What you will do —
Copy out precisely the lines of the material that follows, beginning with the line containing "this 2048×1117 image." and ending with its last line; exclude pictures.
Task material Block Start
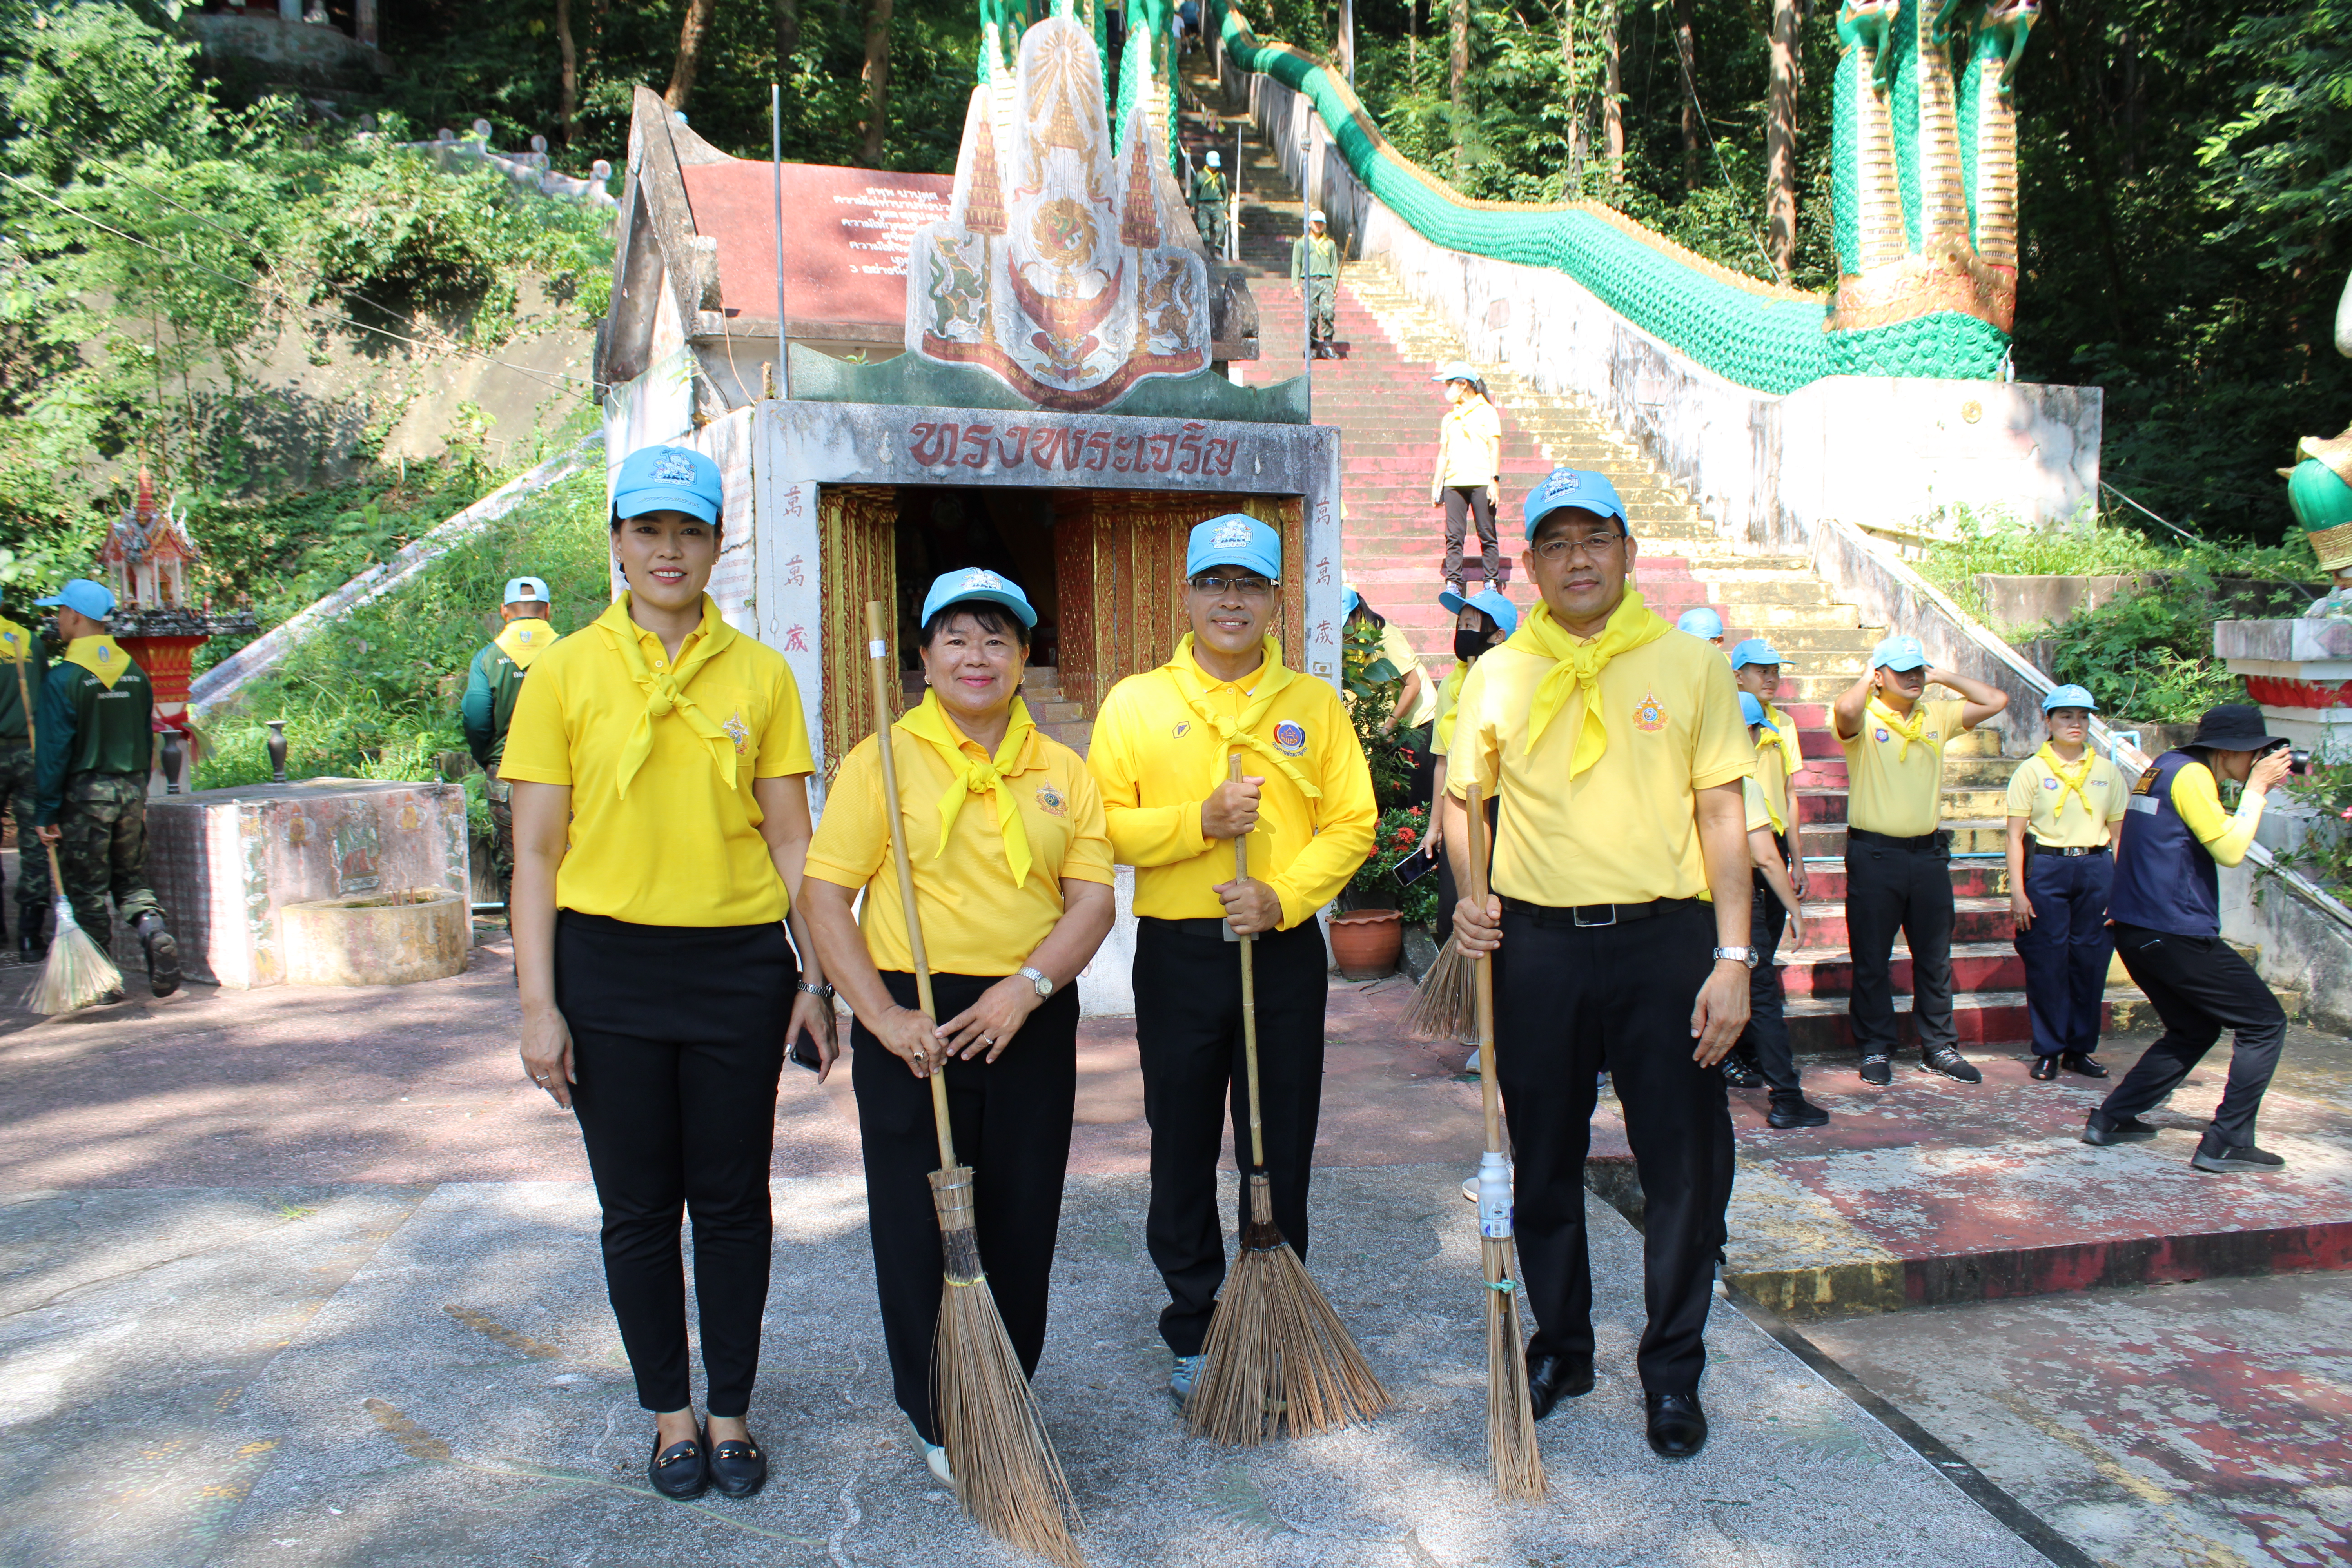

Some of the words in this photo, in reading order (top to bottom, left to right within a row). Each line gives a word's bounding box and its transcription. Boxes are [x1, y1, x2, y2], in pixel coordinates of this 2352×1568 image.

[908, 422, 1238, 476] ทรงพระเจริญ
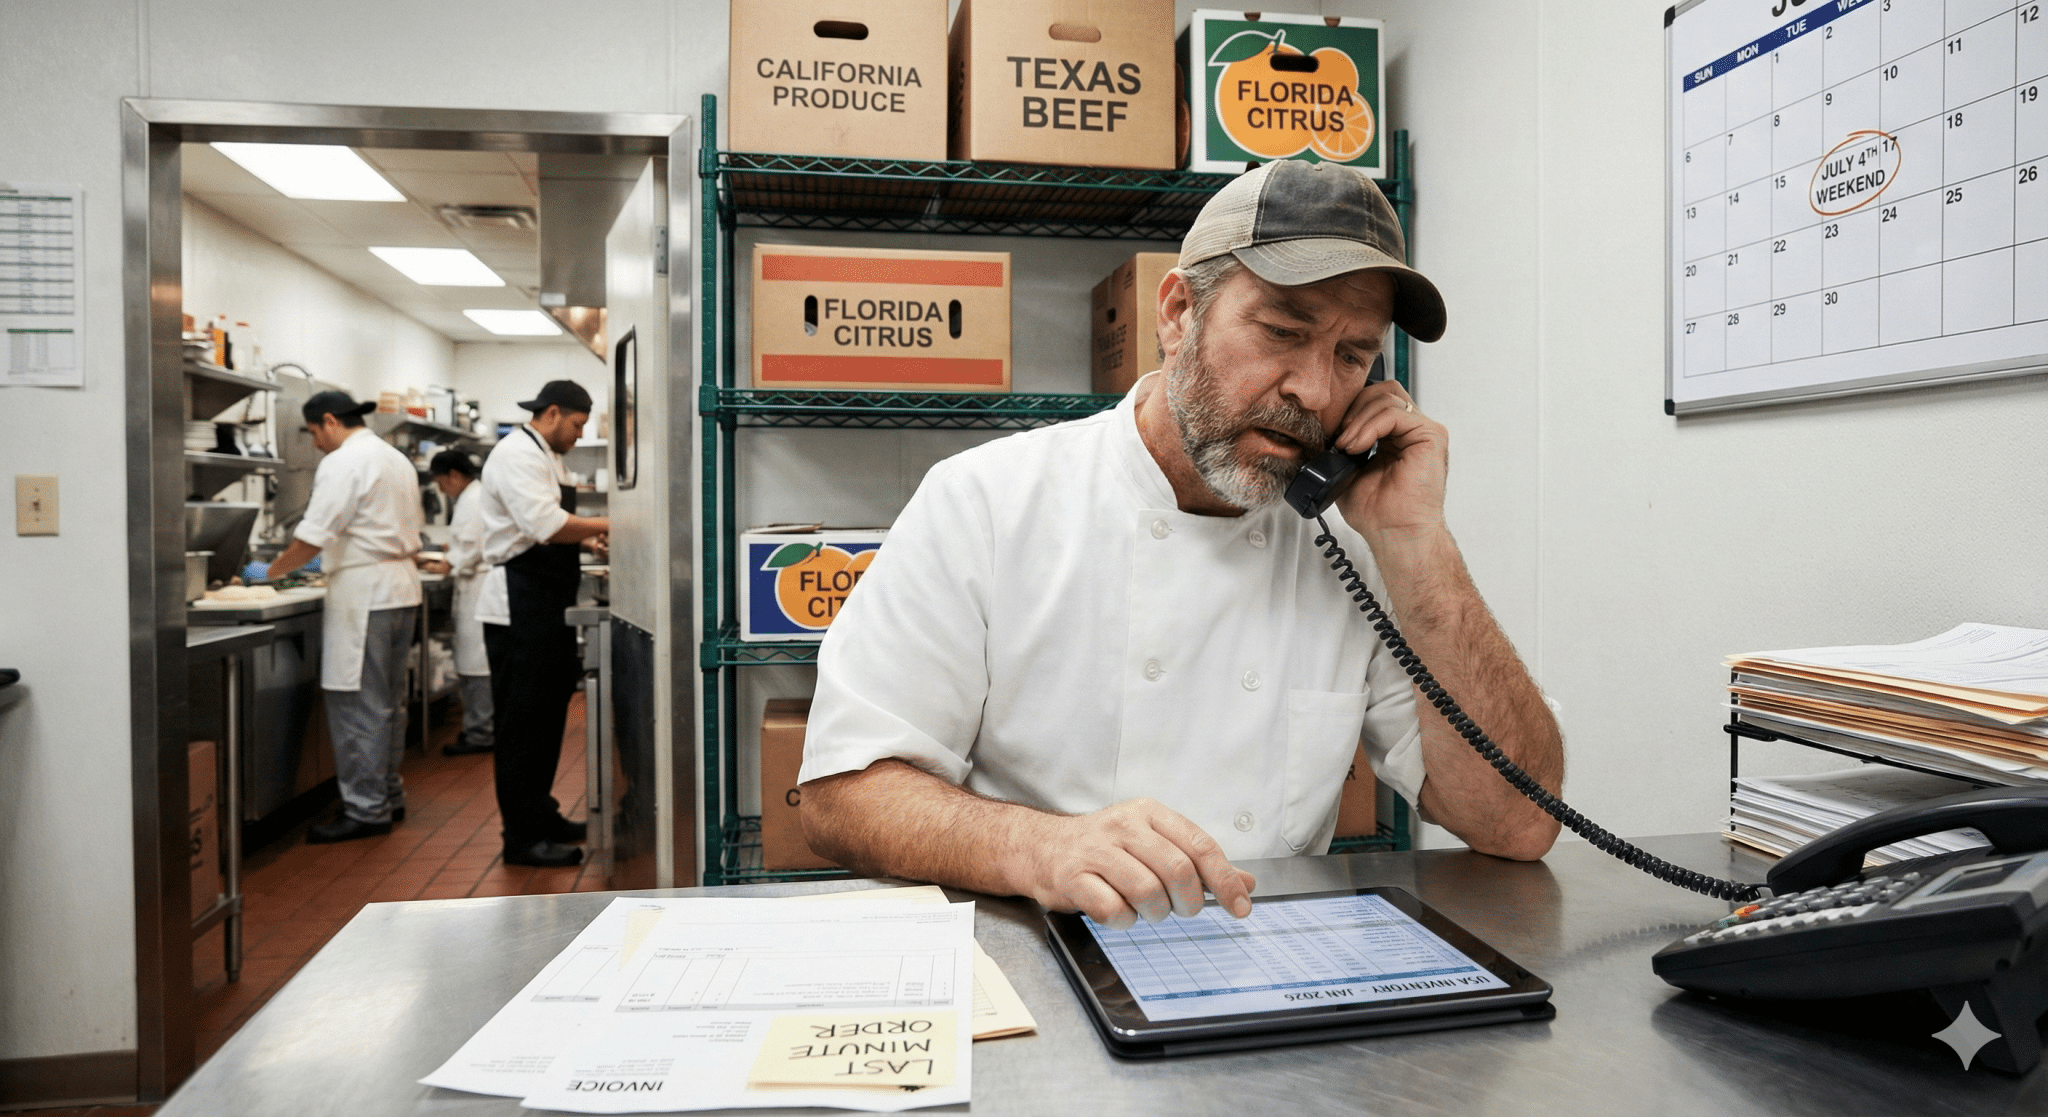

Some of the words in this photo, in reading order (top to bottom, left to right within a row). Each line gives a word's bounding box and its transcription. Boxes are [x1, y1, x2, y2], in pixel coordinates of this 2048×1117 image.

[1775, 52, 1779, 63] 1
[1825, 26, 1833, 39] 2
[1884, 0, 1891, 12] 3
[1694, 66, 1713, 83] SUN
[1737, 44, 1759, 63] MON
[1786, 19, 1807, 37] TUE
[757, 57, 922, 89] CALIFORNIA
[1007, 55, 1141, 96] TEXAS
[1685, 151, 1691, 164] 6
[1728, 134, 1733, 146] 7
[1774, 115, 1780, 128] 8
[1825, 93, 1833, 106] 9
[1884, 66, 1898, 81] 10
[1947, 38, 1962, 54] 11
[2019, 7, 2040, 24] 12
[773, 85, 906, 114] PRODUCE
[1238, 80, 1354, 106] FLORIDA
[1022, 95, 1128, 132] BEEF
[1247, 108, 1344, 132] CITRUS
[1686, 207, 1697, 220] 13
[1728, 192, 1739, 205] 14
[1774, 175, 1786, 189] 15
[1883, 136, 1897, 152] 17
[1947, 113, 1963, 128] 18
[2019, 86, 2038, 103] 19
[1822, 155, 1854, 180] JULY
[1817, 169, 1885, 205] WEEKEND
[1686, 265, 1696, 277] 20
[1728, 254, 1739, 266] 21
[1774, 240, 1786, 253] 22
[1825, 224, 1839, 239] 23
[1882, 207, 1897, 222] 24
[1946, 188, 1962, 204] 25
[2018, 166, 2038, 184] 26
[824, 298, 944, 323] FLORIDA
[1686, 322, 1696, 335] 27
[1728, 313, 1740, 326] 28
[1774, 303, 1786, 316] 29
[1825, 292, 1838, 306] 30
[833, 324, 934, 348] CITRUS
[800, 571, 864, 591] FLO
[808, 597, 847, 618] CIT
[1325, 987, 1354, 999] JAN
[1372, 978, 1456, 995] INVENTORY
[1457, 975, 1489, 987] USA
[1284, 990, 1323, 1002] 2026
[810, 1021, 932, 1038] ORDER
[789, 1039, 931, 1060] MINUTE
[835, 1059, 934, 1076] LAST
[565, 1080, 663, 1092] INVOICE
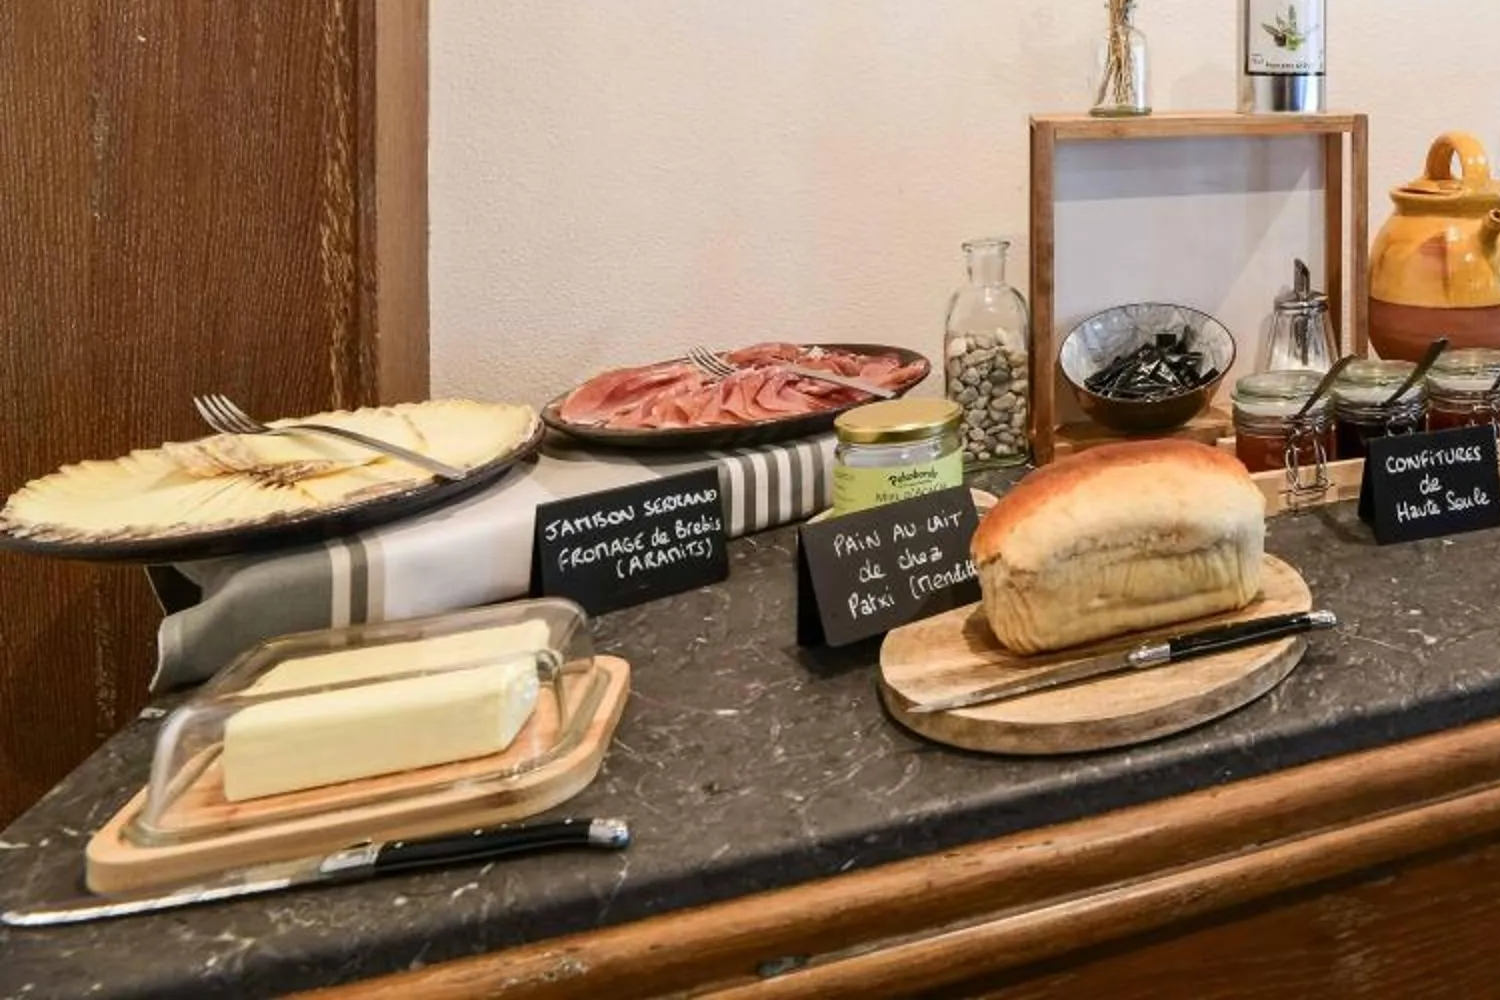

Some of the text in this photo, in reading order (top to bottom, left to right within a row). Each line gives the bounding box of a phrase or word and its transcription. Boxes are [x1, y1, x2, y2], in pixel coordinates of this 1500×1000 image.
Task material Block End
Written solution —
Some of the words in this photo, in reading order (top to bottom, left to right within a row). Each line gives a word's bounding box and its transcription. Boxes are [x1, y1, x2, y2], in pixel coordinates of this 2048×1117 image.

[1775, 52, 1779, 63] 1
[1825, 26, 1833, 39] 2
[1884, 0, 1891, 12] 3
[1694, 66, 1713, 83] SUN
[1737, 44, 1759, 63] MON
[1786, 19, 1807, 37] TUE
[757, 57, 922, 89] CALIFORNIA
[1007, 55, 1141, 96] TEXAS
[1685, 151, 1691, 164] 6
[1728, 134, 1733, 146] 7
[1774, 115, 1780, 128] 8
[1825, 93, 1833, 106] 9
[1884, 66, 1898, 81] 10
[1947, 38, 1962, 54] 11
[2019, 7, 2040, 24] 12
[773, 85, 906, 114] PRODUCE
[1238, 80, 1354, 106] FLORIDA
[1022, 95, 1128, 132] BEEF
[1247, 108, 1344, 132] CITRUS
[1686, 207, 1697, 220] 13
[1728, 192, 1739, 205] 14
[1774, 175, 1786, 189] 15
[1883, 136, 1897, 152] 17
[1947, 113, 1963, 128] 18
[2019, 86, 2038, 103] 19
[1822, 155, 1854, 180] JULY
[1817, 169, 1885, 205] WEEKEND
[1686, 265, 1696, 277] 20
[1728, 254, 1739, 266] 21
[1774, 240, 1786, 253] 22
[1825, 224, 1839, 239] 23
[1882, 207, 1897, 222] 24
[1946, 188, 1962, 204] 25
[2018, 166, 2038, 184] 26
[824, 298, 944, 323] FLORIDA
[1686, 322, 1696, 335] 27
[1728, 313, 1740, 326] 28
[1774, 303, 1786, 316] 29
[1825, 292, 1838, 306] 30
[833, 324, 934, 348] CITRUS
[800, 571, 864, 591] FLO
[808, 597, 847, 618] CIT
[1325, 987, 1354, 999] JAN
[1372, 978, 1456, 995] INVENTORY
[1457, 975, 1489, 987] USA
[1284, 990, 1323, 1002] 2026
[810, 1021, 932, 1038] ORDER
[789, 1039, 931, 1060] MINUTE
[835, 1059, 934, 1076] LAST
[565, 1080, 663, 1092] INVOICE

Some of the text in this photo, in reading order (top to bottom, left to right within a row). Each line gives the bounding box of a phrase or word and its transcription. Boxes are [x1, y1, x2, y2], in pixel coordinates of this 1500×1000 image.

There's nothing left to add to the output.